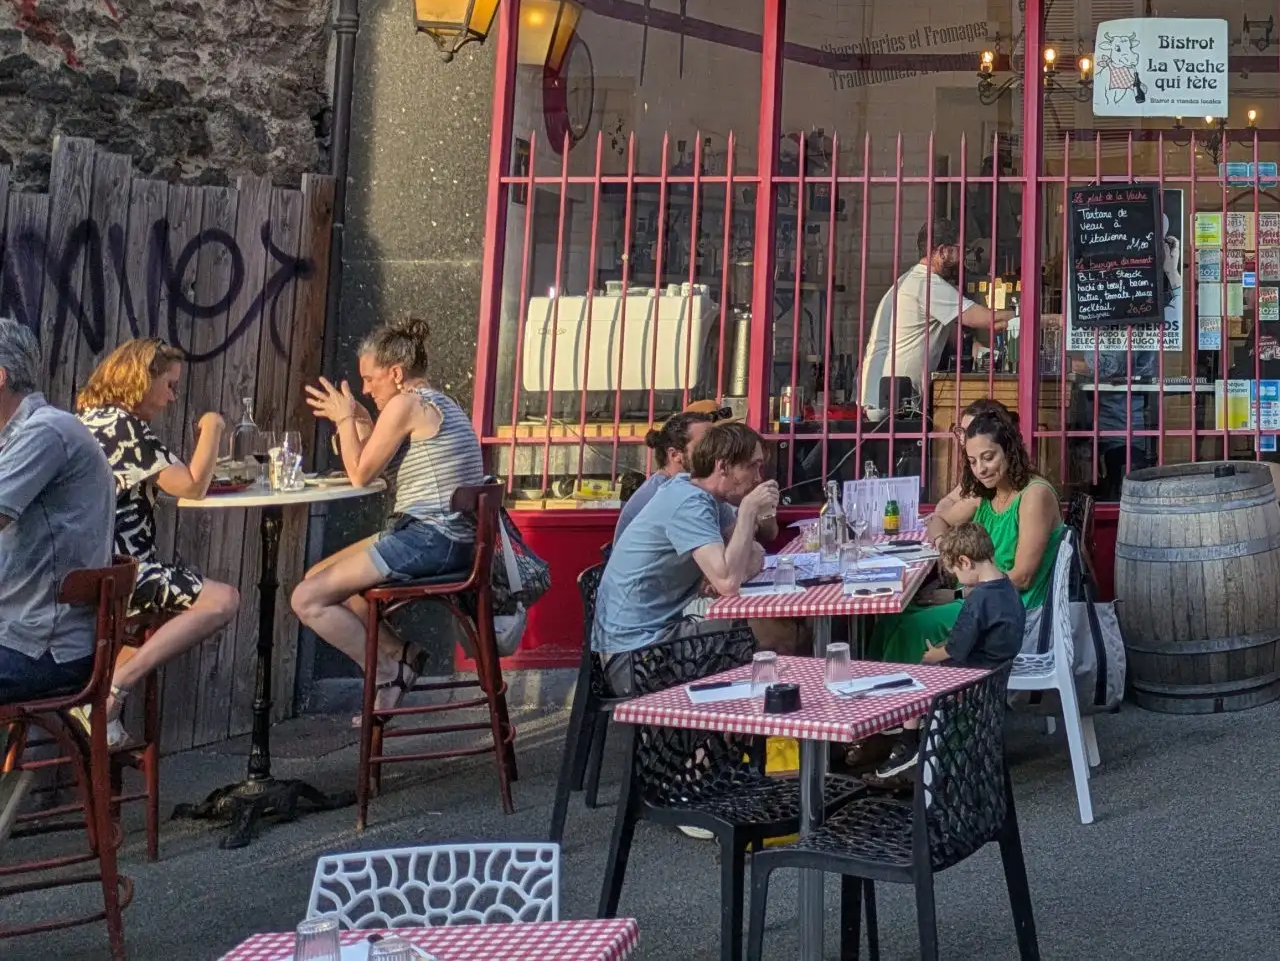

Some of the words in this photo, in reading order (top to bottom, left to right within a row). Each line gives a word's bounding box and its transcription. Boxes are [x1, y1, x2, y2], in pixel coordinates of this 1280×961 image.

[909, 29, 922, 50] et
[924, 21, 989, 48] Fromages
[1158, 35, 1215, 50] Bistrot
[1147, 58, 1168, 73] La
[1173, 58, 1225, 73] Vache
[1155, 76, 1180, 92] qui
[1187, 75, 1217, 89] tète
[1088, 193, 1103, 206] plat
[1105, 192, 1114, 201] de
[1115, 191, 1123, 201] la
[1126, 190, 1148, 201] Vache
[1077, 208, 1112, 220] Tartare
[1118, 208, 1128, 218] de
[1080, 222, 1104, 231] veau
[1114, 219, 1121, 228] à
[1097, 282, 1105, 291] de
[1259, 307, 1279, 315] 2025
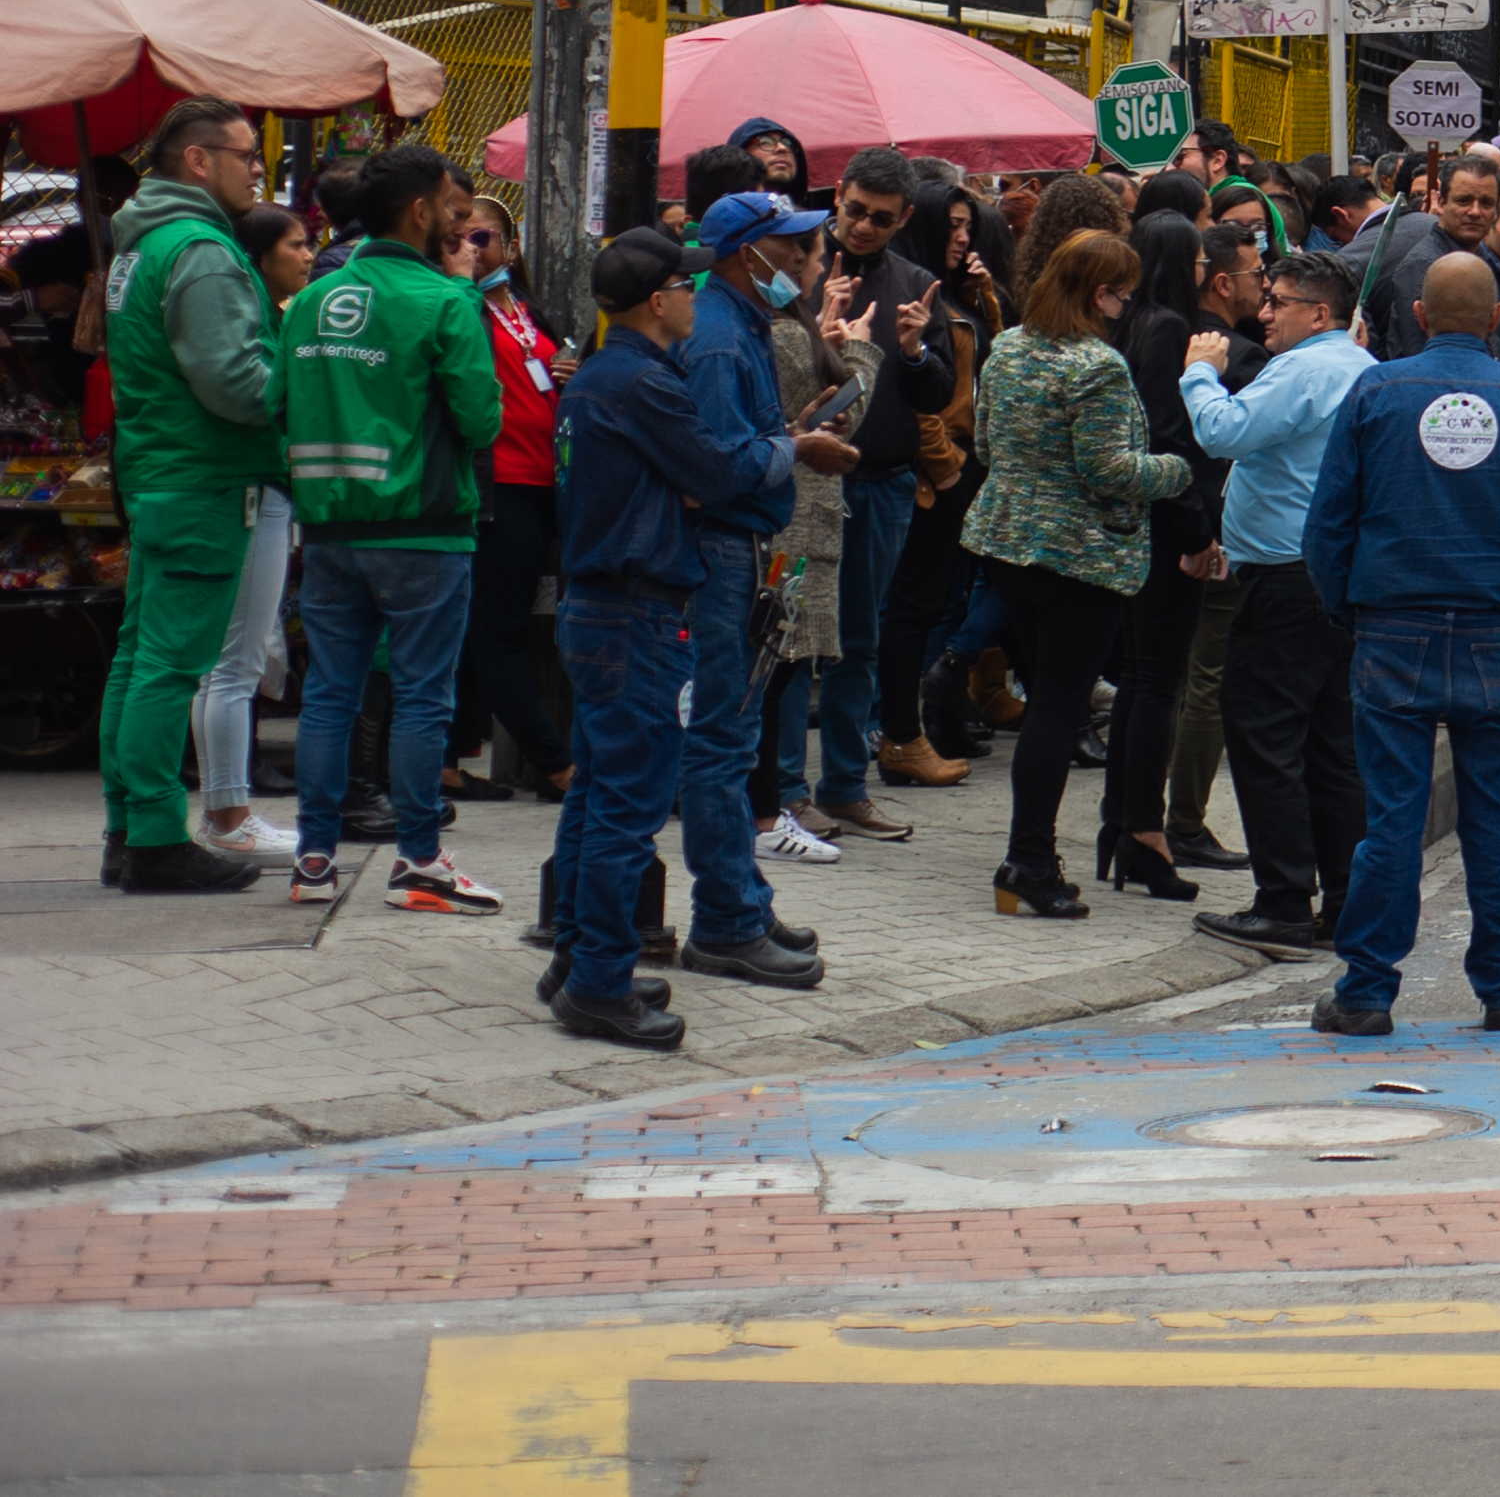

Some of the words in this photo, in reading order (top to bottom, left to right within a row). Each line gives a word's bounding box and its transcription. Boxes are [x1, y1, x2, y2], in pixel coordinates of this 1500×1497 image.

[1097, 78, 1187, 100] SEMISOTANO
[1413, 80, 1460, 97] SEMI
[1115, 93, 1177, 141] SIGA
[1394, 110, 1476, 129] SOTANO
[295, 342, 385, 367] serientrega
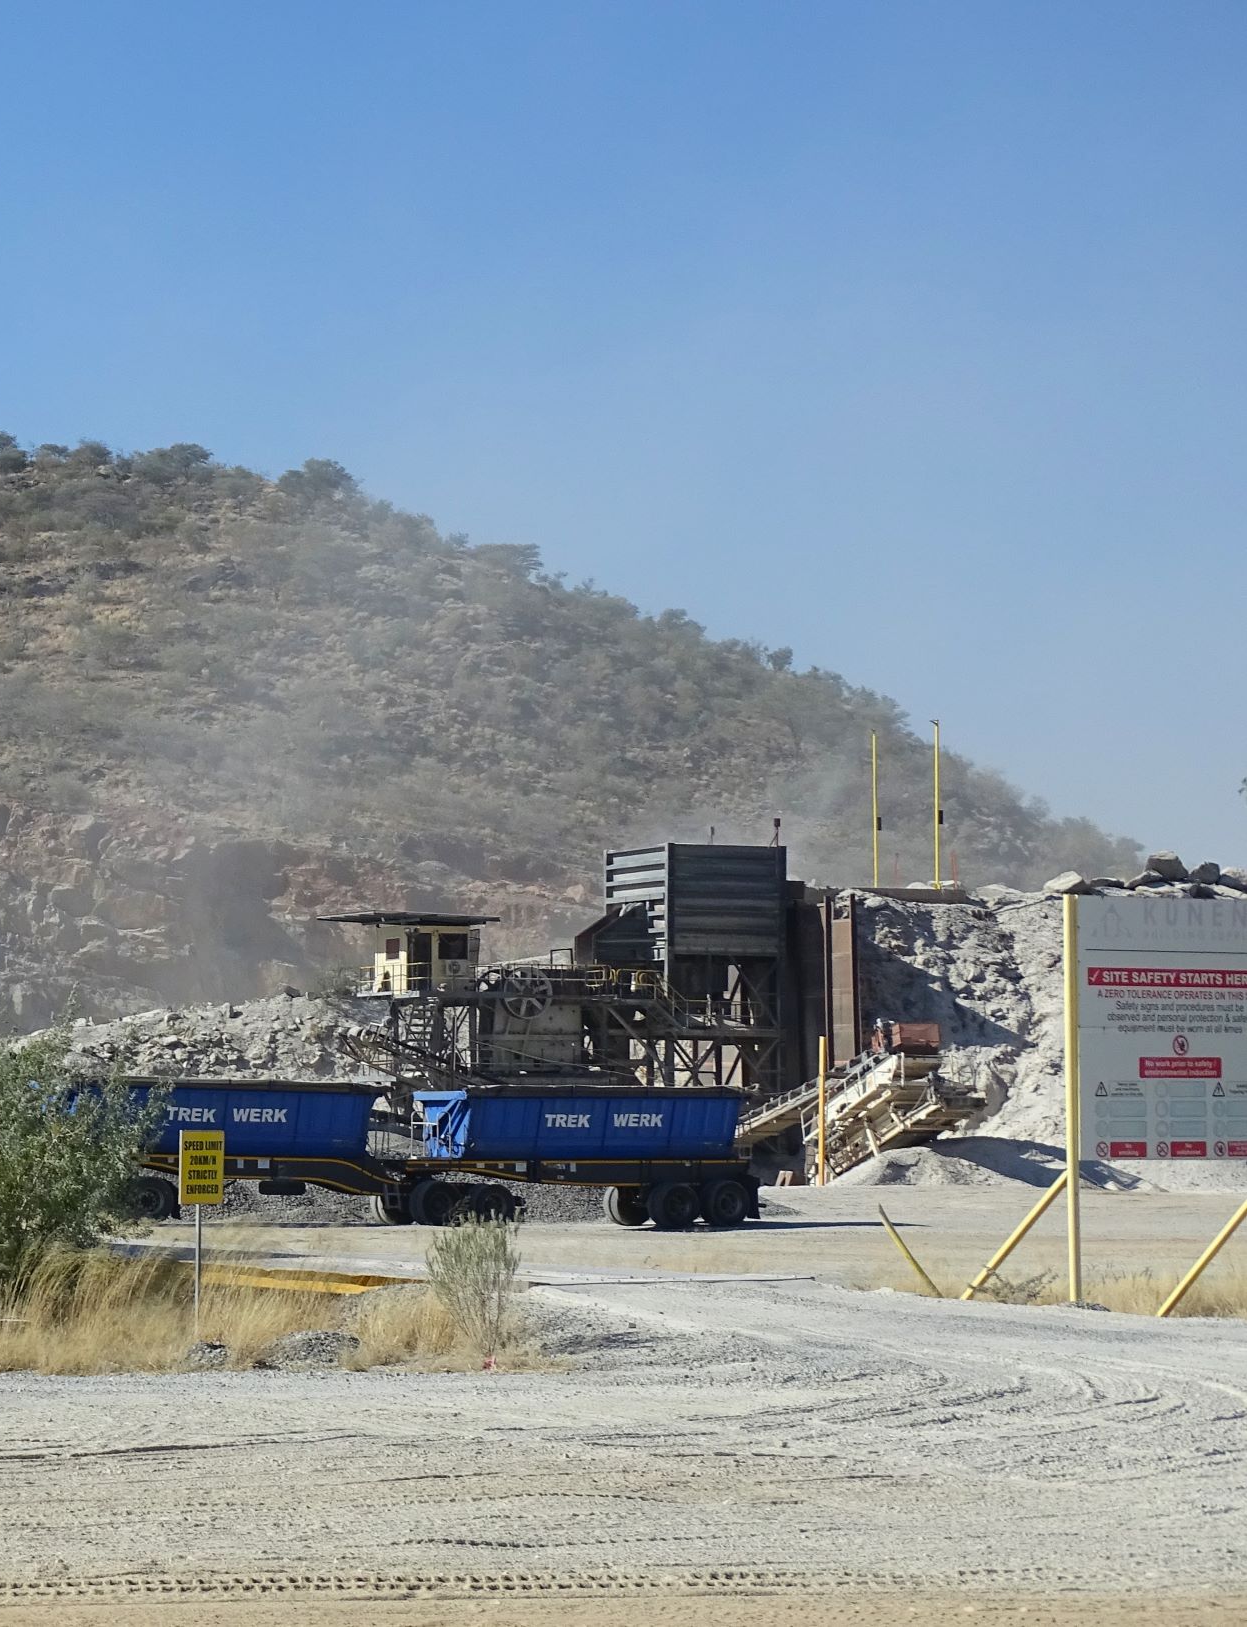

──────

● **DESCRIPTION OF THE TASK**: Reproduce exactly, and only, the lines that begin at the one containing "this 1500×1497 image." and end with the final line of the data, both included, while omitting every picture.

● **ANSWER TO THIS EXERCISE**:
Some of the words in this photo, in reading order (top to bottom, left to right within a row). Each line gives a word's bounding box and its transcription. Boxes are [x1, y1, x2, y2], in pixel coordinates of this 1500×1497 image.

[1097, 78, 1187, 100] SEMISOTANO
[1413, 80, 1460, 97] SEMI
[1115, 93, 1177, 141] SIGA
[1394, 110, 1476, 129] SOTANO
[295, 342, 385, 367] serientrega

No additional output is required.